**EXERCISE DIRECTIONS**
Transcribe the entries exactly as they stand below, passing over any picture.

**INPUT**
---+---

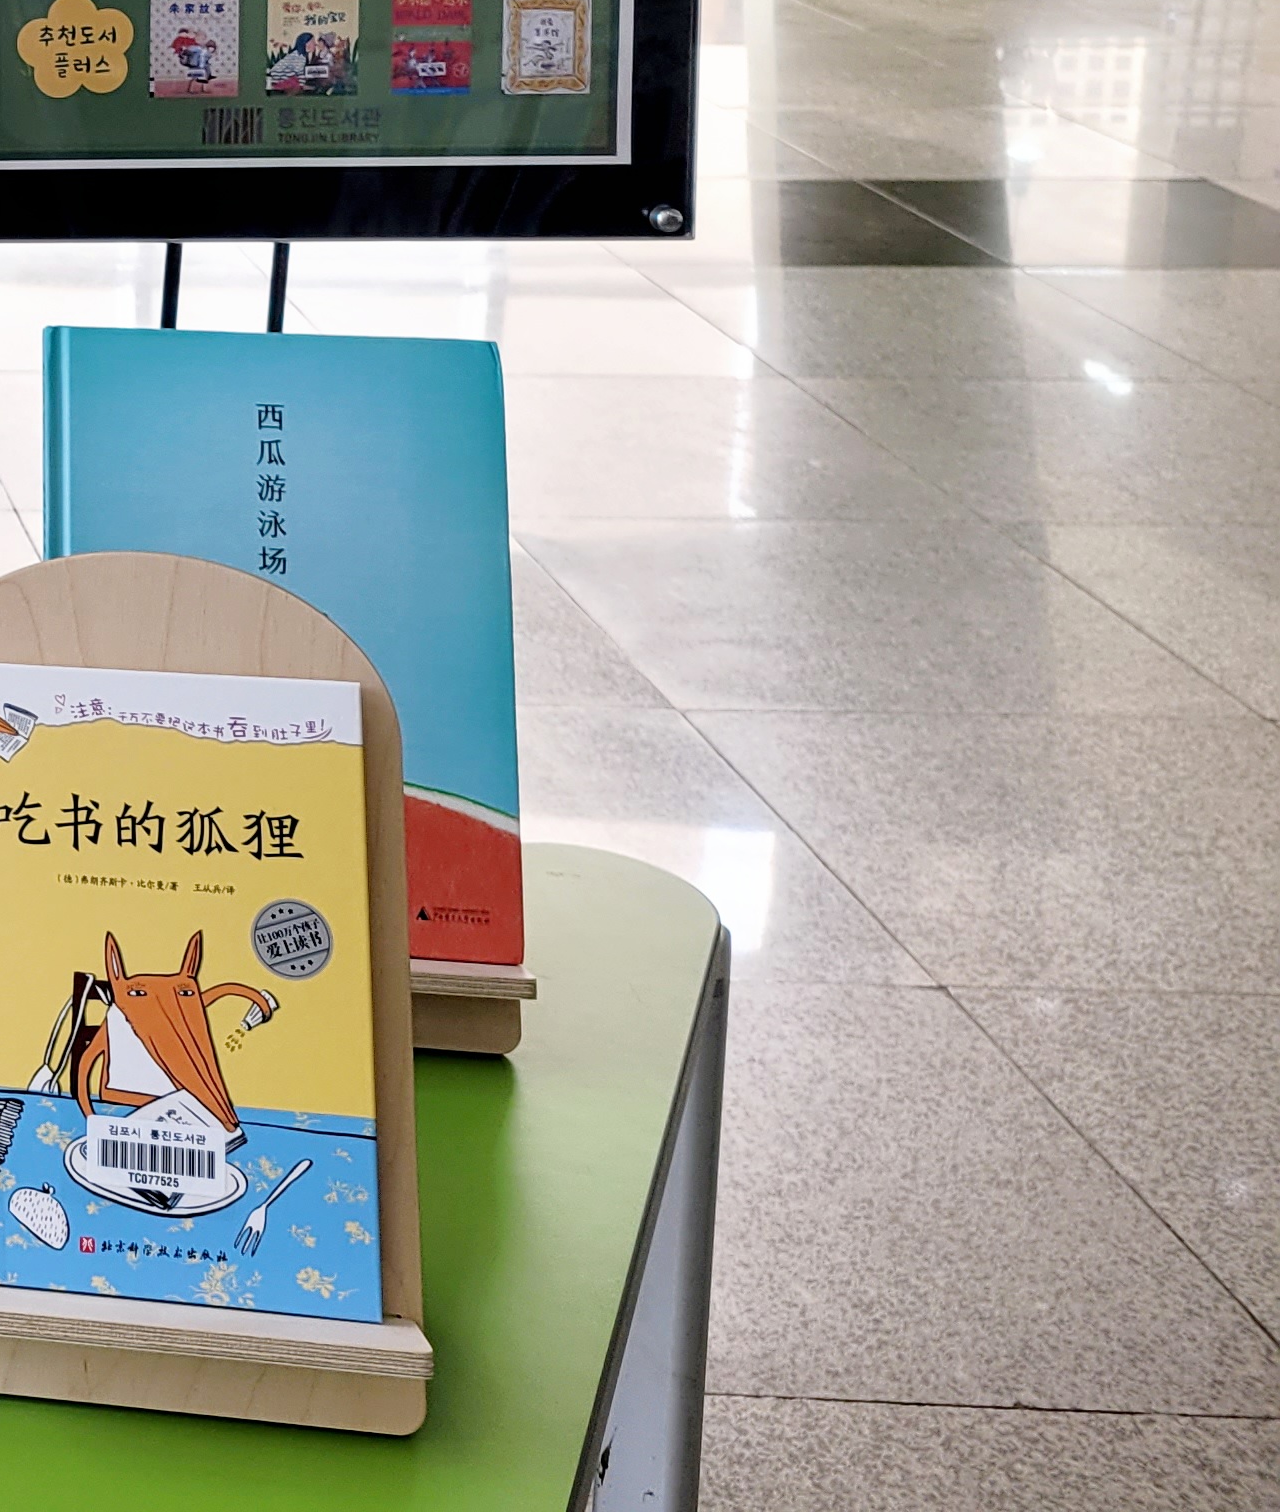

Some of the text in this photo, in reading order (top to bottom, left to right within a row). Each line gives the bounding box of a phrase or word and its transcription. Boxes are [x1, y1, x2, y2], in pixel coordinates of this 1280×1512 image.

[39, 25, 117, 48] 추천도서
[55, 53, 111, 78] 플러스
[278, 107, 383, 129] 통진도서관
[255, 403, 288, 576] 西瓜游泳场
[108, 1124, 207, 1145] 김포시 통진도서관
[128, 1171, 180, 1189] TC077525
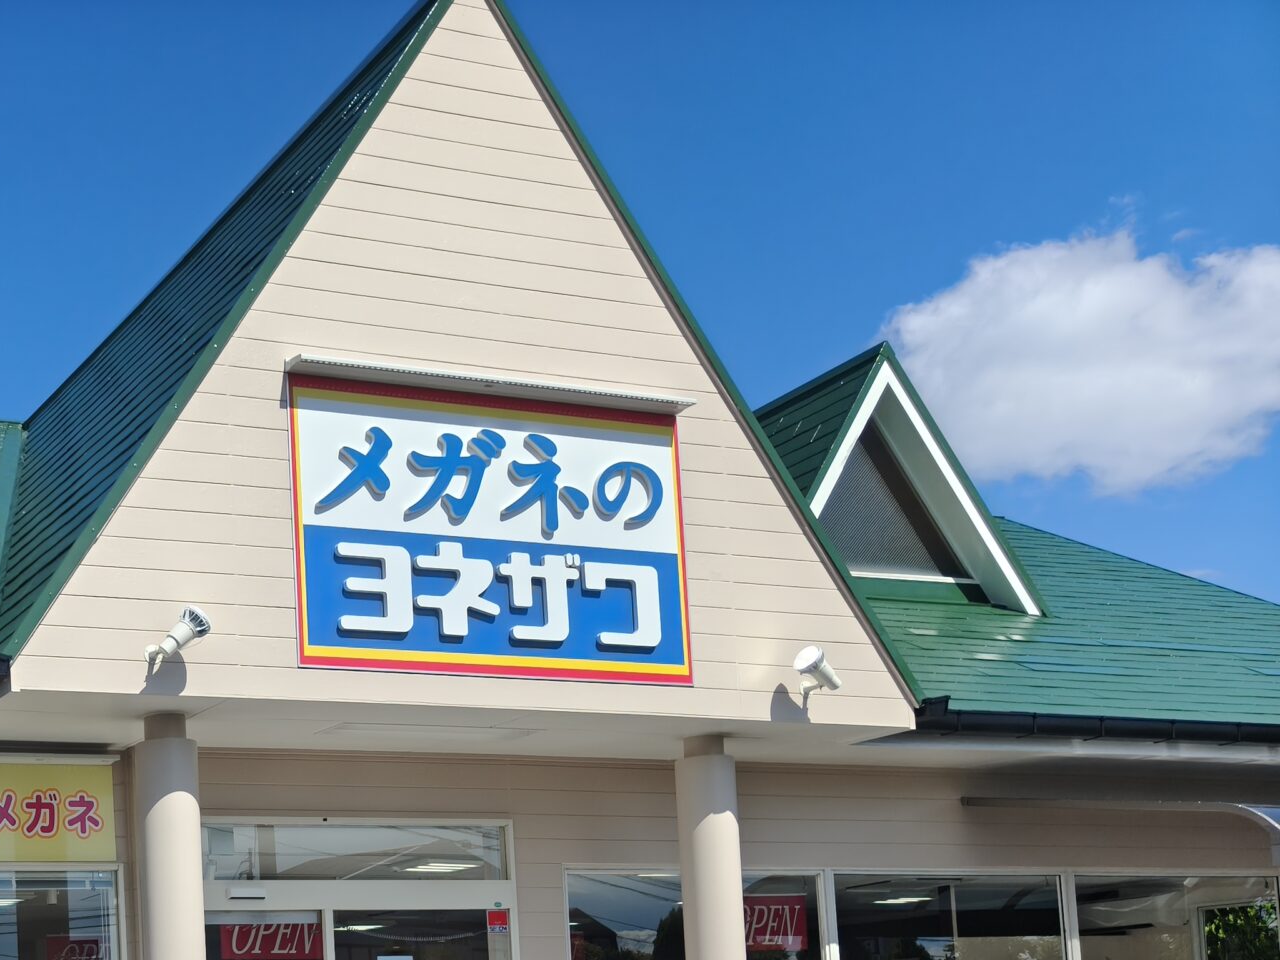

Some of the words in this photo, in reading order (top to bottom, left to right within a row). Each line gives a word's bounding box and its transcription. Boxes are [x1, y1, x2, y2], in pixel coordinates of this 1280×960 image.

[314, 426, 663, 539] メガネの
[334, 541, 662, 649] ヨネザワ
[231, 924, 317, 955] OPEN

---+---

**EXERCISE ANSWER**
Some of the text in this photo, in reading order (top to bottom, left to right within a row). Each line gives the bounding box of a phrase or word and its transcription. Boxes are [x1, y1, x2, y2], in pixel coordinates of this 1280×1512 image.

[39, 25, 117, 48] 추천도서
[55, 53, 111, 78] 플러스
[278, 107, 383, 129] 통진도서관
[255, 403, 288, 576] 西瓜游泳场
[108, 1124, 207, 1145] 김포시 통진도서관
[128, 1171, 180, 1189] TC077525

Some of the words in this photo, in reading order (top to bottom, left to right within a row). Each line gives a word's bounding box and its transcription. Boxes are [x1, y1, x2, y2], in pixel coordinates of this 1280×960 image.

[314, 426, 663, 539] メガネの
[334, 541, 662, 649] ヨネザワ
[231, 924, 317, 955] OPEN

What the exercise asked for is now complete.